The opener and highlight of the National Black Arts Festival’s movie slate, it also features gravity-defying martial arts straight out of the China-set smash “Crouching Tiger, Hidden Dragon” and even some taking-it-to-the-Man-style revenge from 1970s American blacksploitation films.

The film, which showed at this year's Berlin Film Festival and screens here Thursday, is set in 1920s at a Bahia sugarcane plantation -- unchanged despite slavery’s abolition four decades earlier.

Starting as a boy, the hero of the title learns capoeira – a discipline of acrobatic movement and fighting – from Master Alipio. Later, the revered teacher is murdered on orders of Col. Venancio, the scruffy plantation owner who fears the seeding of rebellion.

Besouro (chiseled capoeira ace Ailton Carmo) plots revenge from a jungle refuge, a place of magic where he is given powers of flight and virtual invincibility by the goddess Orixa. The scenes of magical realism in which he transforms into a flying beetle and frog elevates amid the storytelling’s more conventional turns.

Our hero sets the sugarcane fields ablaze and KOs the factory grinding wheel. He even finds time to seduce his love Dinora, on his way to the inevitable showdown. The fight choreography by Hong Kong vet Huen Chiu Ku (“Matrix,” “Kill Bill’) is graceful.

“Besouro’s” punch is nonetheless powerful, even if it’s clear all along just who will prevail.

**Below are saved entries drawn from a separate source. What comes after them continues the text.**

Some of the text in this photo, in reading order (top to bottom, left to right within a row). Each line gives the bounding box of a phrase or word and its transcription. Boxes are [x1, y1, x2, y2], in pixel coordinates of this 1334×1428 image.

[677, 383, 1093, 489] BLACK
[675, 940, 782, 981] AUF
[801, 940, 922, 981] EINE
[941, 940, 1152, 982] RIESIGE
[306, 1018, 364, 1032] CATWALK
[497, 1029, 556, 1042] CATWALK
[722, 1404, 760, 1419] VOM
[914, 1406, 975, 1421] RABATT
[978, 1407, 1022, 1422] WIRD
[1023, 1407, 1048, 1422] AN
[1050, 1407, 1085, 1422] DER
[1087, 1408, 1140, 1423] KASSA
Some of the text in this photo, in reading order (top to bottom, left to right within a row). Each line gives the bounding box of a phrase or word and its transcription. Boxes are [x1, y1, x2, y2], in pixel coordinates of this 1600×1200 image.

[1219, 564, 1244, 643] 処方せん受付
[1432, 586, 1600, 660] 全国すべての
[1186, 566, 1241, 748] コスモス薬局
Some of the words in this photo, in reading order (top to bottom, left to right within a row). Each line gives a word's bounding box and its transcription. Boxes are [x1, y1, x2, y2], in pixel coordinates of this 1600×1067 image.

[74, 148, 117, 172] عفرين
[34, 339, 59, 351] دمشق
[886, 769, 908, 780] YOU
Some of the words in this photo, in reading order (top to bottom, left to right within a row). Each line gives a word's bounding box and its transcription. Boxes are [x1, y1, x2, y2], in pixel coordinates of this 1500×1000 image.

Noon Thursday, Woodruff Arts Center.

“Soundtrack for a Revolution”

"It was the music that created a sense of solidarity," says John Lewis, interviewed in the civil rights documentary "Soundtrack for a Revolution." "Even after we were thrown in jail, someone would sing a song."

“Soundtrack” aims to tell the story of the movement through the freedom songs for which protesters raised their voice during marches, organizing meetings, church services and, yes, in jail. But the film spends so much time in a CliffsNotes retelling of the Birmingham bus boycott, Montgomery fire hoses and Selma police nightstick poundings that it meanders away often from its central thread of song.

Still, it’s a fine primer for middle and high school students who mainly know of the movement through text books. The familiar footage of Martin Luther King Jr. and the growing nonviolent army that carried the cause moves, and the expected talking heads (including Lewis, Julian Bond and Andrew Young) are utterly inspirational.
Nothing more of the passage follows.